Fix: add a first-class CommentReference paragraph-content node — parse every w:commentReference (wrapped in a run or bare) and serialize it explicitly, making it the single source of truth for every reference (and stop the double-emit from commentRangeEnd). Ranged and point comments now both survive with exactly one reference each.

Tests & verification

  • New: toc-field-roundtrip.test.ts (incl. the begin-runs-before-first-entry-hyperlink ordering), comment-reference-roundtrip.test.ts.
  • Full packages/core docx suite green (325 tests, 0 fail); bun run typecheck clean.
  • API report refreshed for the new public CommentReference export.

Notes

  • Authored with AI assistance (Claude Code); I'll sign the CLA on this PR.
  • Happy to split into two PRs (TOC; point comments) if you'd prefer — they share content.ts but are independent.

🤖 Generated with Claude Code


View with Codesmith Autofix with Codesmith
Need help on this PR? Tag /codesmith with what you need.
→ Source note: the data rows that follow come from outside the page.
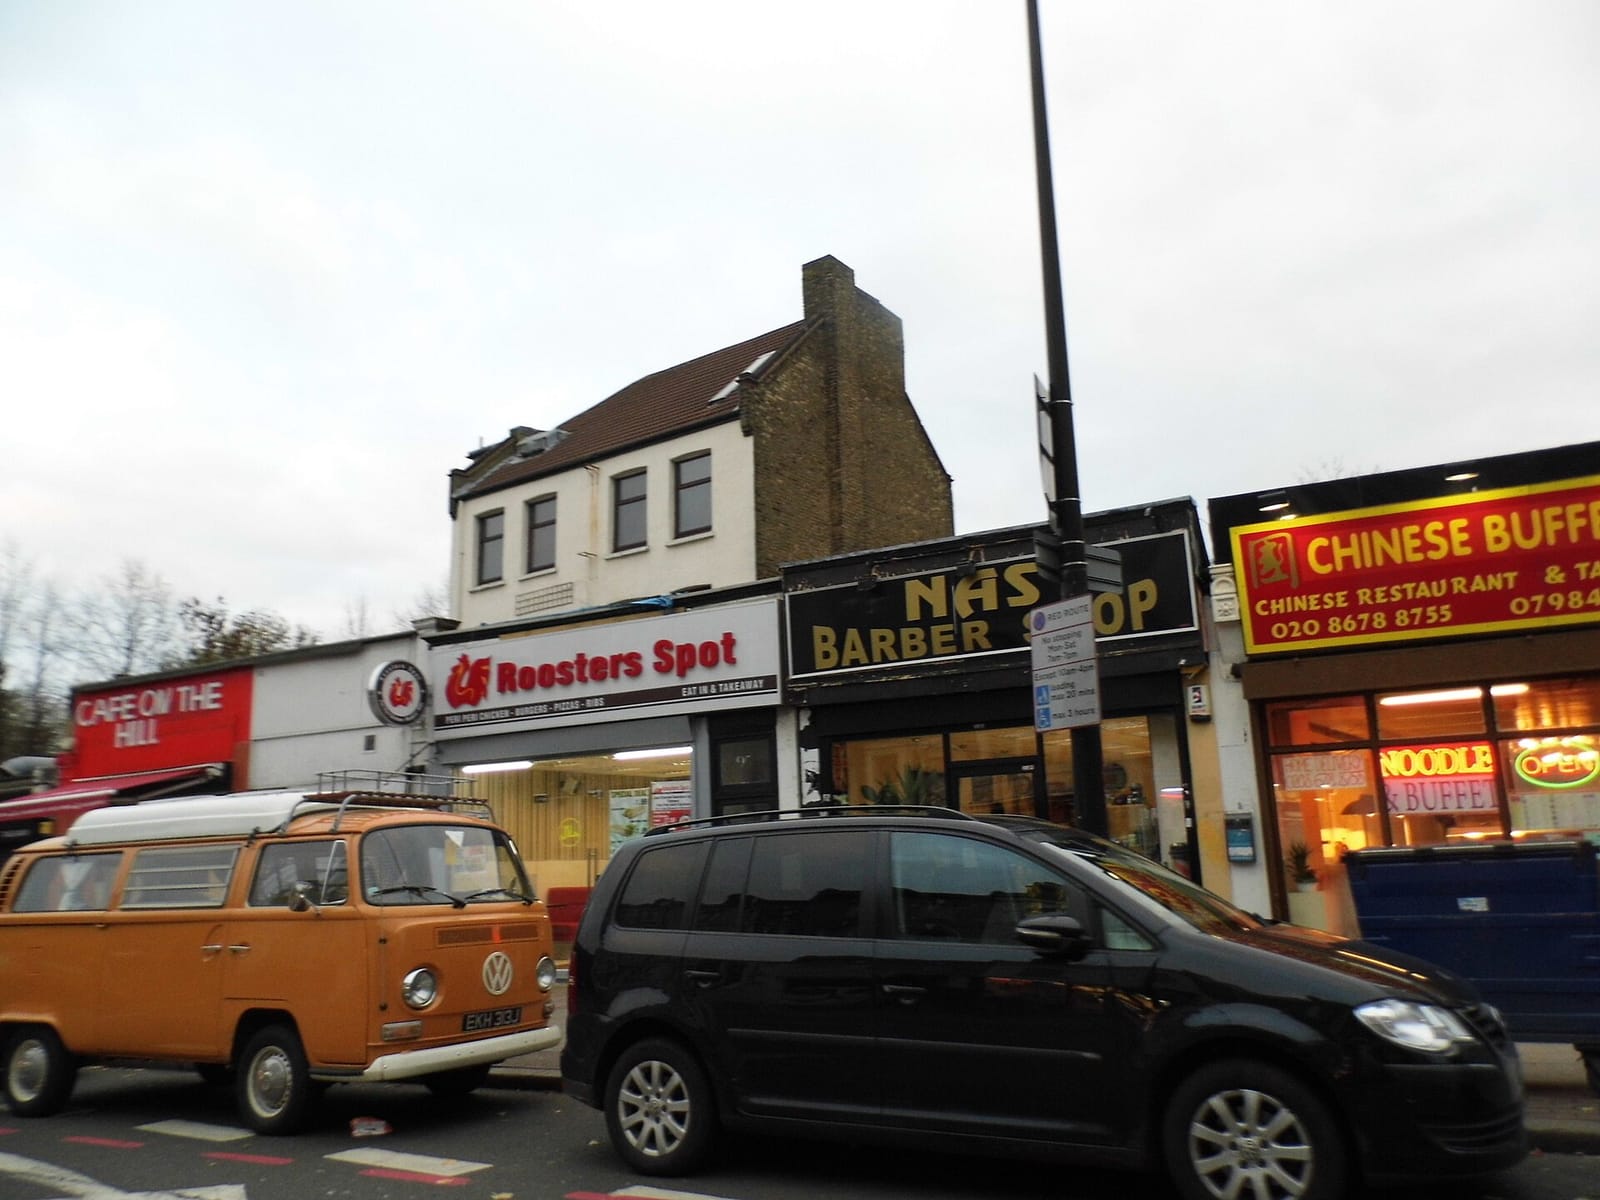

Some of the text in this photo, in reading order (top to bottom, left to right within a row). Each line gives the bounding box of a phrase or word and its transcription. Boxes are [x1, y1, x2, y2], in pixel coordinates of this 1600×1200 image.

[1307, 518, 1471, 574] CHINESE
[1255, 591, 1349, 616] CHINESE
[1357, 571, 1518, 605] RESTAURANT
[1544, 564, 1566, 584] &
[812, 578, 1158, 670] BARBER OP
[1047, 603, 1089, 621] RED ROUTE
[1271, 588, 1600, 639] 020 8678 8755 07984
[496, 631, 737, 694] Roosters Spot
[75, 681, 223, 727] CAFE ON THE
[682, 679, 765, 697] EAT IN & TAKEAWAY
[479, 709, 510, 721] CHICKEN
[515, 704, 548, 716] BURGERS
[554, 700, 580, 712] PIZZAS
[586, 697, 605, 708] RIBS
[113, 718, 160, 748] HILL
[1379, 745, 1495, 778] NOODLE
[1403, 779, 1499, 811] BUFFET
[465, 1011, 493, 1030] EKH
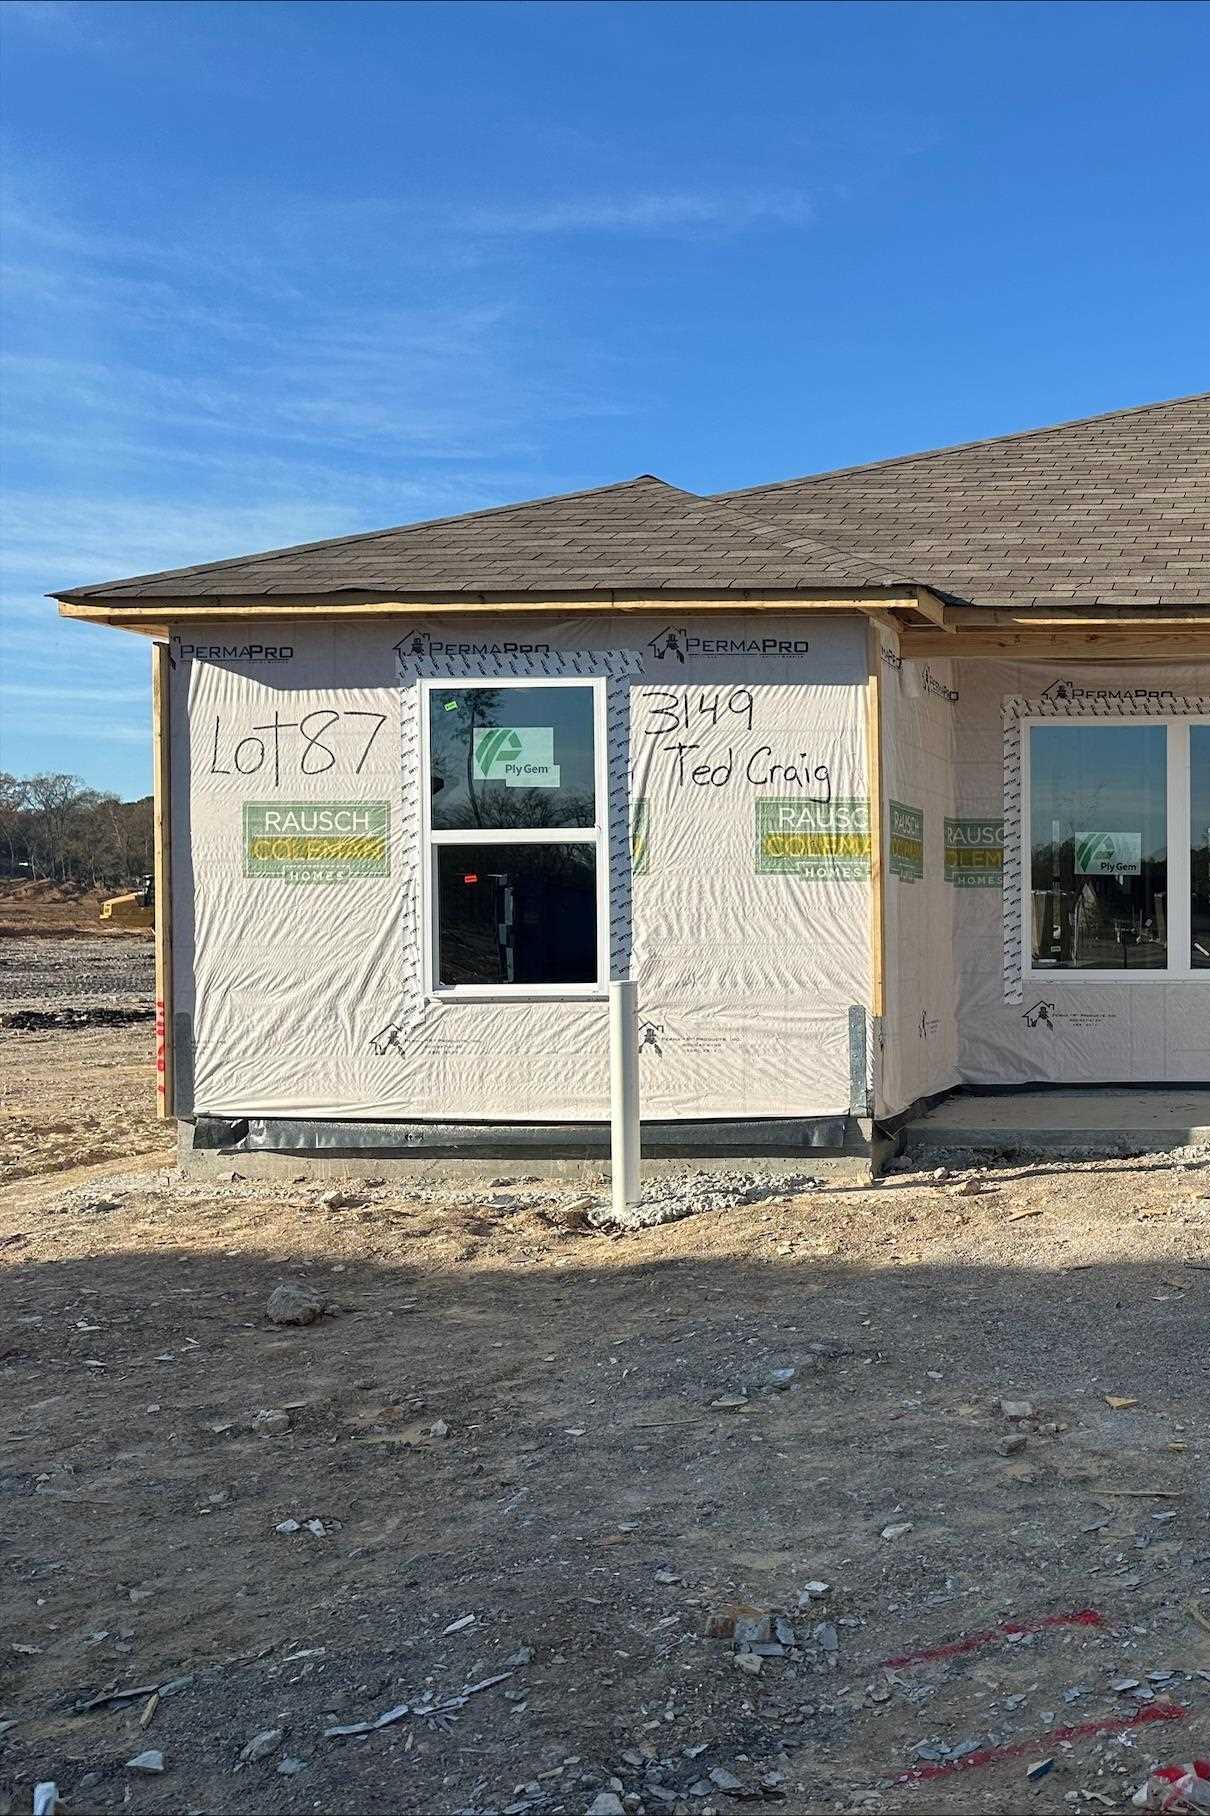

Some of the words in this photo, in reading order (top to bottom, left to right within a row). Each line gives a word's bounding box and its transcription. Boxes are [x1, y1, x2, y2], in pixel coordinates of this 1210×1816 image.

[643, 690, 754, 735] 3149
[300, 709, 387, 775] 87
[664, 742, 733, 787] Ted
[746, 746, 831, 804] Craig
[265, 810, 369, 832] RAUSCH
[805, 867, 861, 878] HOMES
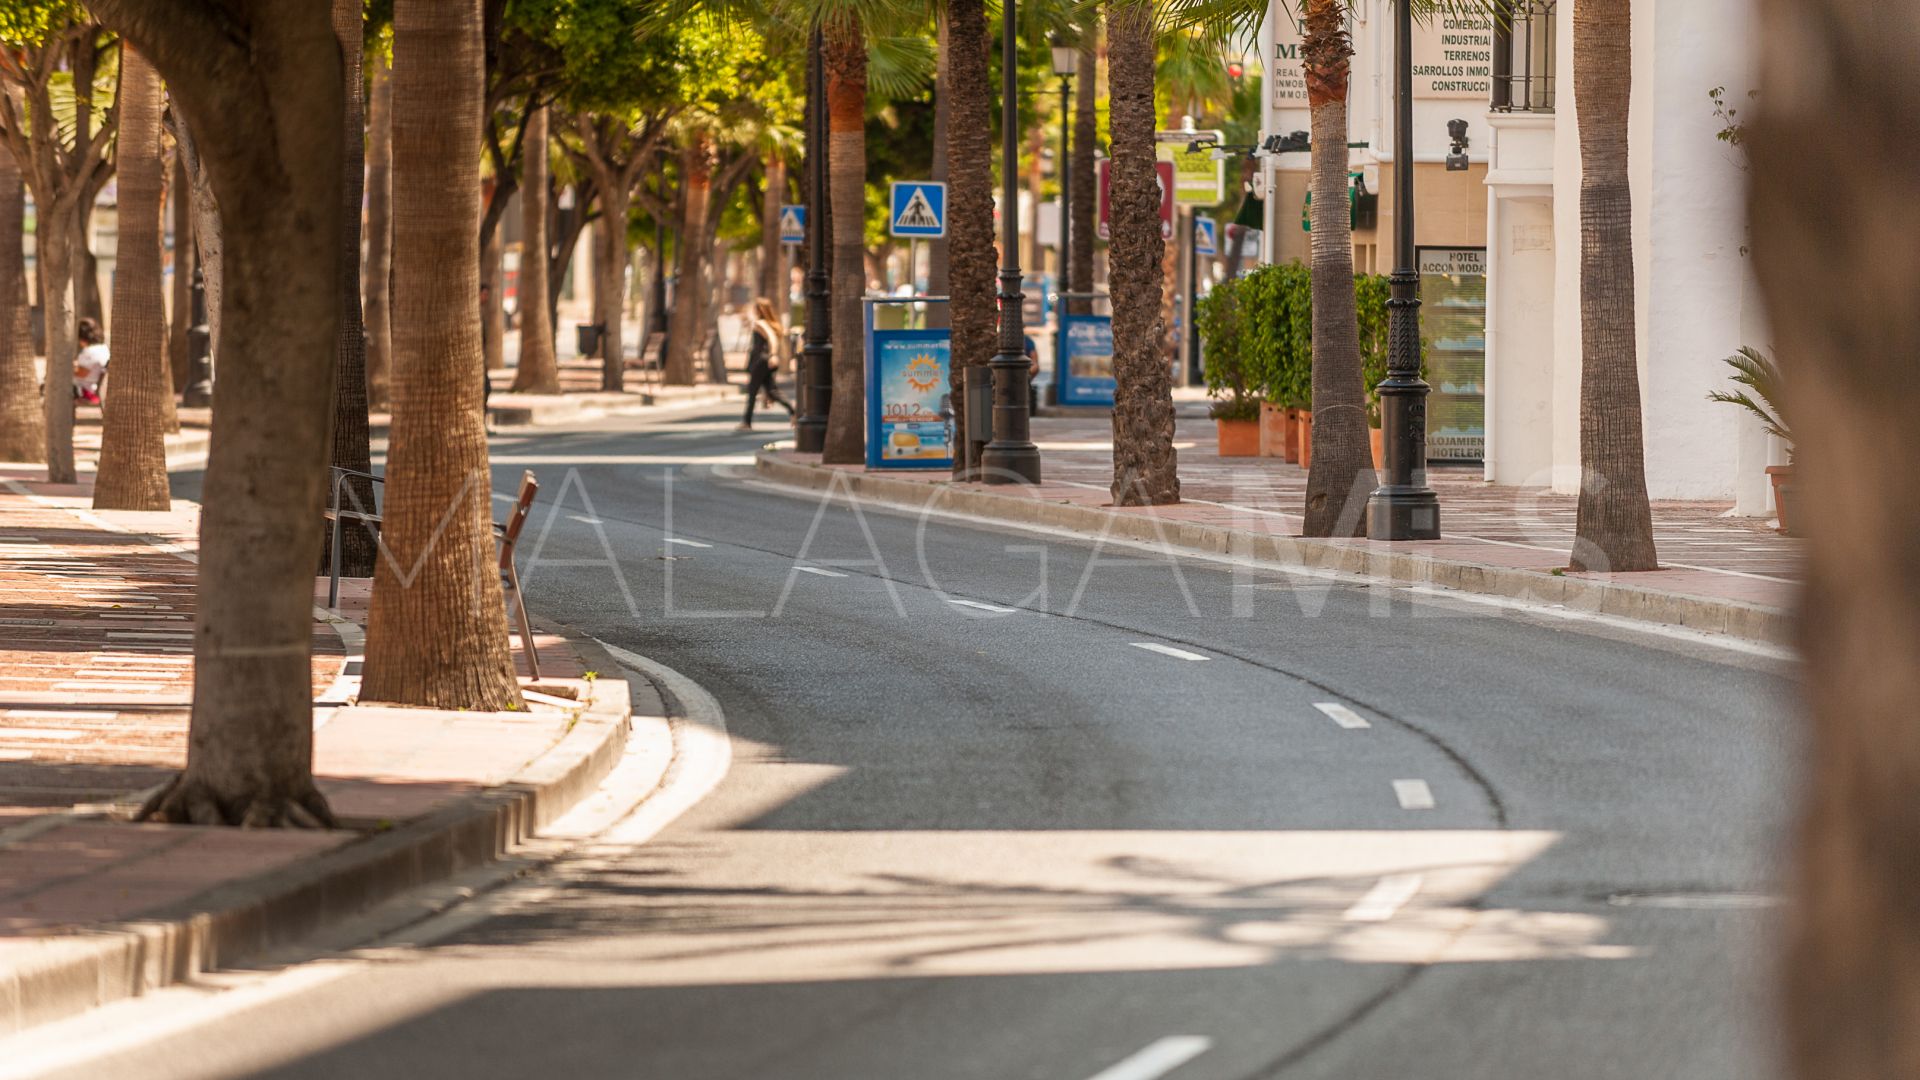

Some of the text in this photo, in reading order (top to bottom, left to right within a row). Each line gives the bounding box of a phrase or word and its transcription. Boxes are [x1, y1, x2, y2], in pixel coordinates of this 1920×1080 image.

[1444, 50, 1491, 62] TERRENOS
[1276, 68, 1299, 77] REAL
[1412, 65, 1491, 77] SARROLLOS INMO
[1275, 80, 1307, 88] INMOB
[1275, 91, 1308, 99] IMMOB
[1449, 252, 1480, 262] HOTEL
[1422, 263, 1486, 273] ACCOMMODA
[885, 402, 921, 416] 101.2
[1427, 436, 1485, 446] ALOJAMIEN
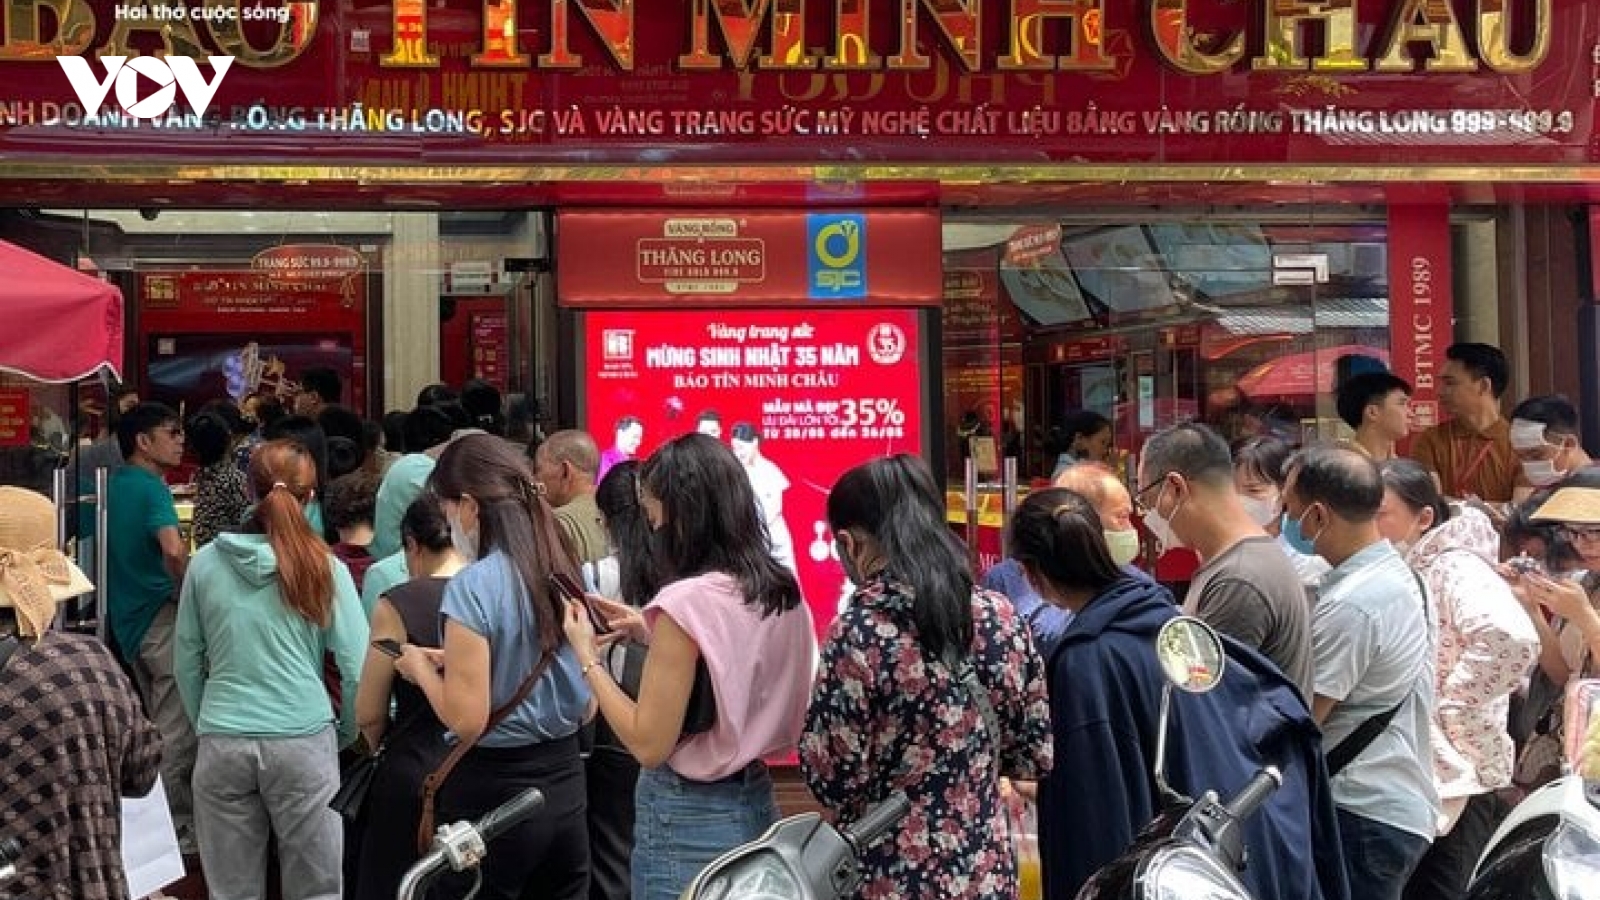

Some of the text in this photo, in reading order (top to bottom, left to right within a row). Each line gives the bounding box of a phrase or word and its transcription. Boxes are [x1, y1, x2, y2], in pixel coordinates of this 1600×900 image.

[318, 103, 404, 132] THĂNG
[412, 109, 492, 137] LONG,
[500, 110, 545, 134] SJC
[553, 105, 585, 134] VÀ
[596, 105, 664, 134] VÀNG
[671, 111, 754, 134] TRANG
[761, 104, 809, 134] SỨC
[817, 106, 853, 134] MỸ
[862, 106, 929, 139] NGHỆ
[936, 103, 1001, 134] CHẤT
[1008, 104, 1060, 138] LIỆU
[1142, 105, 1209, 134] VÀNG
[1290, 105, 1375, 133] THĂNG
[1380, 109, 1447, 132] LONG
[640, 246, 761, 266] THĂNG LONG
[1412, 257, 1434, 388] BTMC 1989
[699, 346, 741, 368] SINH
[795, 346, 818, 367] 35
[744, 373, 788, 388] MINH
[840, 397, 905, 427] 35%
Autofix is disabled.

sathinator-afk and others added 2 commits June 16, 2026 18:09
Two Tier-1 open->save fidelity fixes found via a docx round-trip bake-off:

1. Cross-paragraph complex fields (TOC, INDEX, multi-paragraph TA) were dropped:
   the per-paragraph field state machine only finalizes a field when its
   w:fldChar end is in the same paragraph, so an unterminated field's
   begin/instrText/separate runs were swallowed. Buffer those runs and, if the
   paragraph ends with the field still open, splice them back at the field's
   start index (preserving order vs. in-paragraph non-run content such as the
   first TOC entry's hyperlink). Restores the documented fields.toc
   roundTrip:'full' guarantee.

2. Range-less 'point' comments (bare w:commentReference, no commentRangeStart/End)
   were dropped: the model had no commentReference node, so the reference run
   parsed empty and was consolidated away, and references were only emitted as a
   side-effect of commentRangeEnd. Add a first-class CommentReference node
   (parse + serialize) as the single source of truth for every reference.

Adds toc-field-roundtrip + comment-reference-roundtrip tests. Full packages/core
docx suite green (325 tests), typecheck clean. Pre-PR: run 'bun run api:extract'
to refresh the API report for the new CommentReference export.

Co-Authored-By: Claude Opus 4.8 (1M context) <noreply@anthropic.com>
The new public CommentReference type (point-comment round-trip fix) adds a member
to ParagraphContent; regenerate the API Extractor report so api:check passes.

Co-Authored-By: Claude Opus 4.8 (1M context) <noreply@anthropic.com>
@vercel

vercel Bot commented Jun 16, 2026

Copy link
Copy Markdown

The latest updates on your projects. Learn more about Vercel for GitHub.

Project Deployment Actions Updated (UTC)
docx-editor Ready Ready Preview, Comment Jun 16, 2026 10:09pm

Request Review

@eigenpal-release-pal

eigenpal-release-pal Bot commented Jun 16, 2026

Copy link
Copy Markdown
Contributor

All contributors have signed the CLA ✍️ ✅

Posted by the CLA bot.

@sathinator-afk

Copy link
Copy Markdown
Author

I have read the CLA Document and I hereby sign the CLA

@jedrazb jedrazb left a comment

Copy link
Copy Markdown
Contributor

Choose a reason for hiding this comment

The reason will be displayed to describe this comment to others. Learn more.

Thanks for this — the TOC / cross-paragraph field fix (part 1) is solid: I traced the buffer-and-splice and the begin-run-before-hyperlink ordering and it round-trips correctly. Requesting changes on the point-comment half (part 2) because, as written, it regresses comment fidelity on the editor's own save path.

The regression

This PR removes the <w:commentReference> run from the commentRangeEnd serializer case and makes it depend on a commentReference content node. That node is produced only by the DOCX parser — never by the editor's save pipeline:

  • Editor comments are ProseMirror marks (commentOps.ts addMark(... schema.marks.comment ...)), not content nodes.
  • On save, insertCommentRanges (packages/core/src/prosemirror/conversion/fromProseDoc/paragraph.ts) emits only commentRangeStart / commentRangeEnd — there is zero commentReference producer anywhere under packages/core/src/prosemirror/. The reply / tracked-change paths (injectReplyRangeMarkers.ts) emit only range markers too.
  • The import side drops it as well: toProseDoc/paragraph.ts has no commentReference case, so a parsed reference node is silently discarded before it reaches PM.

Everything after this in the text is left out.